The Bloomingfoods/BCS board focused our study this month on trends in farming, distribution and retail stores. You may be aware of some of the challenges we face as a society as large corporations put small farmers out of business and we watch our former fields of food sprout houses and strip malls.
Currently, one in six Americans face hunger. As the large corporations buy up smaller distributors, they usually end up raising prices and eventually deleting smaller suppliers. Gasoline prices and weather changes are also disrupting food distribution systems. There were twenty eight consumer co-op food distributors in 1982; now there are only three.
We researched innovative ways people are dealing with these challenges. In Davis and Sacramento, California, food co-ops have partnered with land trusts to create funds for farm preservation. They purchase easements that require the farms’ land to be kept from development and farmed only organically.
Community Supported Agriculture farms have become increasingly popular. The Intervale Community Farm in Vermont farms forty four acres and is owned by its CSA members. CSA farms are usually owned by the farmers.
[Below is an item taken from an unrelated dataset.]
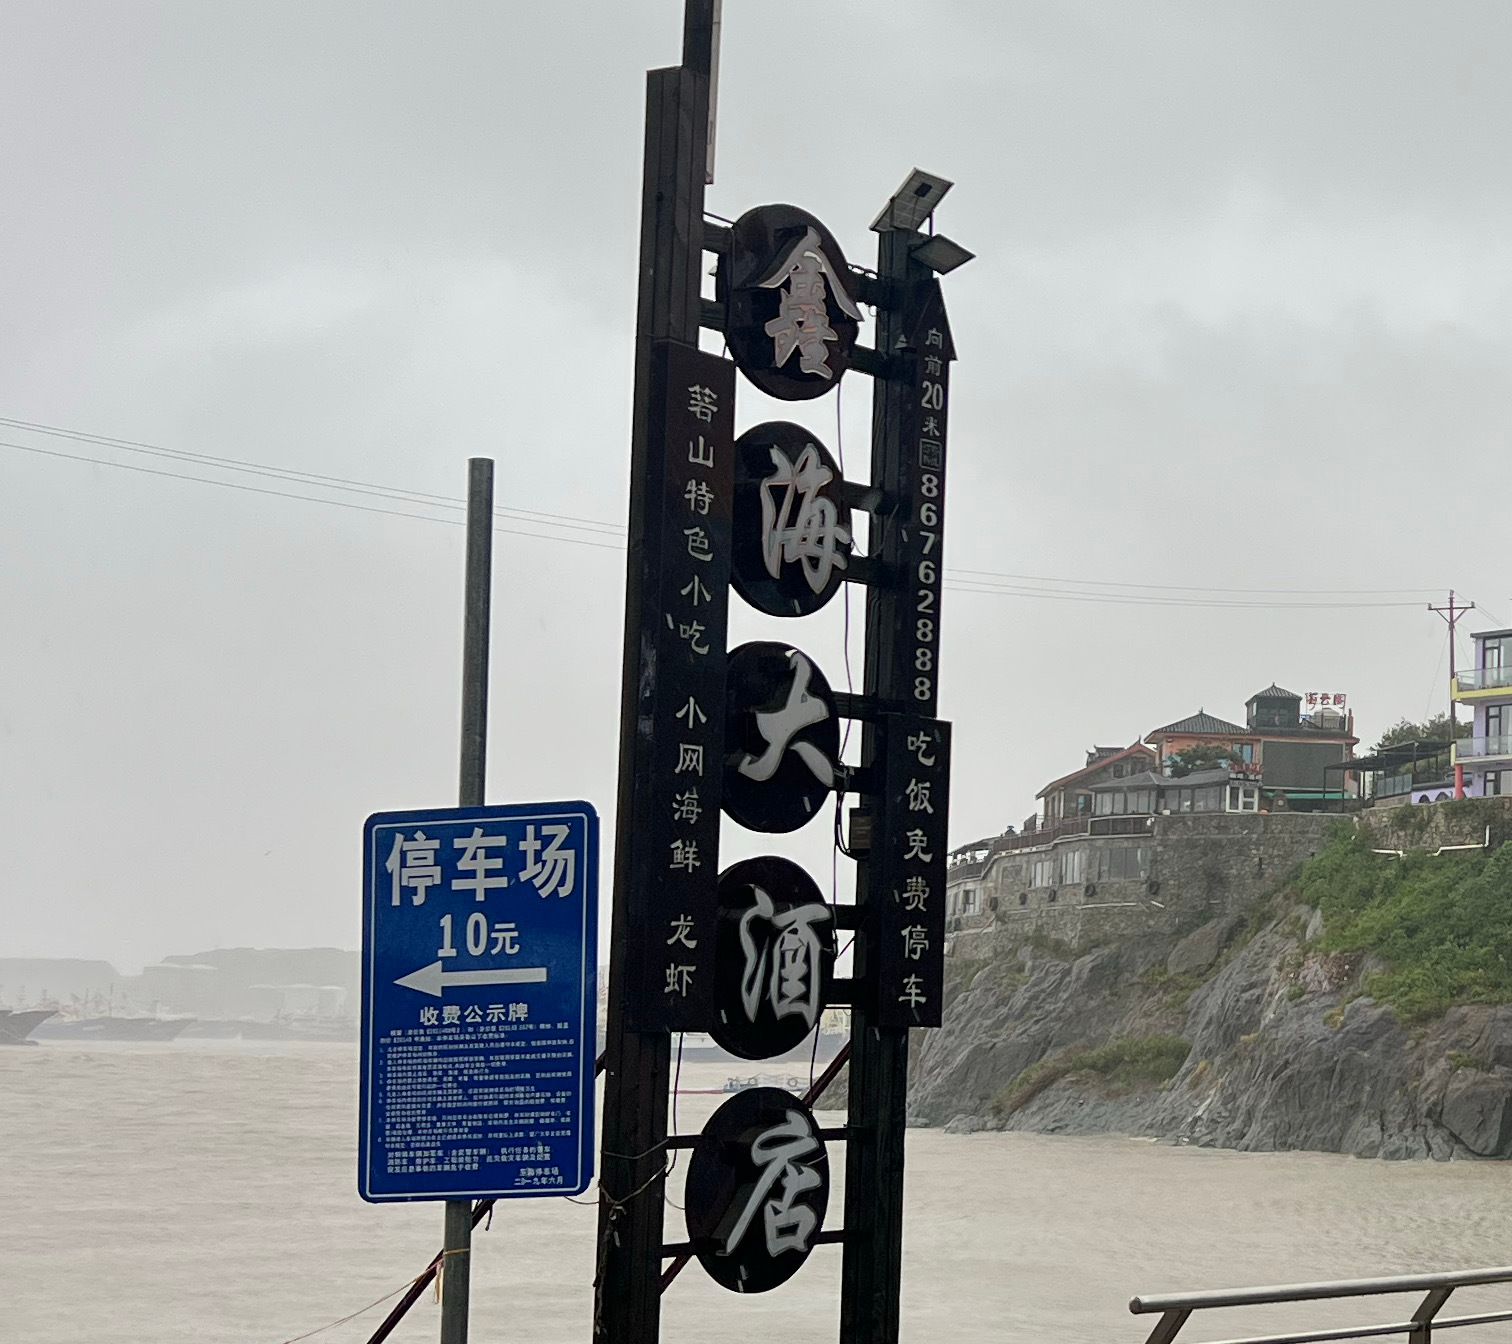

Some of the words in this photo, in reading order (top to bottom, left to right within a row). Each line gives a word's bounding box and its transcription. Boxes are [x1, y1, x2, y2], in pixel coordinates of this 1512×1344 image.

There are also co-op food stores who have purchased their own farms and/or orchards.
PCC Natural Markets in Seattle, WA, with nine stores and 45,000 members, formed the PCC Farmland Trust with the mission to ensure that generations of local farmers productively farm using sustainable, organic methods. The Trust purchases conservation easements with the farmer purchasing the title.
In Britain, The Co-operative Farms work 55,000 acres. They began 200 years ago. New sustainable local mini-farms are cropping up everywhere. These include lavender farms with their own healing retreats, u-gather nut groves, backyard gourmet chef market gardens, urban greenhouse heirloom tomato growers, miniature rare sheep ranches for handspinners’ wool, and wild-grazed micro dairies.
To serve these local, small farmers, new methods of distribution are being tried. These include everything from “pocket markets” with one or two food tents, which can be set-up once or on a routine schedule for churches, neighborhood groups, clubs and schools, to on-line ordering systems with a single “fresh truck” drop shipment. Pick-ups can be at malls or other locations. There are co-op farmers who bring their foods to a central location, then distribute, rather than each one taking their individual items to each store.
On the retail front, Wal-Mart has entered the “Neighborhood Market” with twenty 40,000 square foot stores, small by their big box standards. Best Buy, Office Depot and Staples are all scaling down to smaller stores. Many cities are limiting the size of stores and opting to serve the increasing population of people who want to walk or bike to shop daily. Dollar Tree, already small-sized, is adding food to their mix. And, of course, many chains already have “mom & pop” size stores, carrying some organic foods.
Bloomingfoods is keeping pace with all of these trends and foresees opportunities for more innovative response to the changing needs and preferences of our member-owners. If you are of an entrepreneurial nature, now may be a great time to become a link in this blossoming local, organic, cooperative food chain.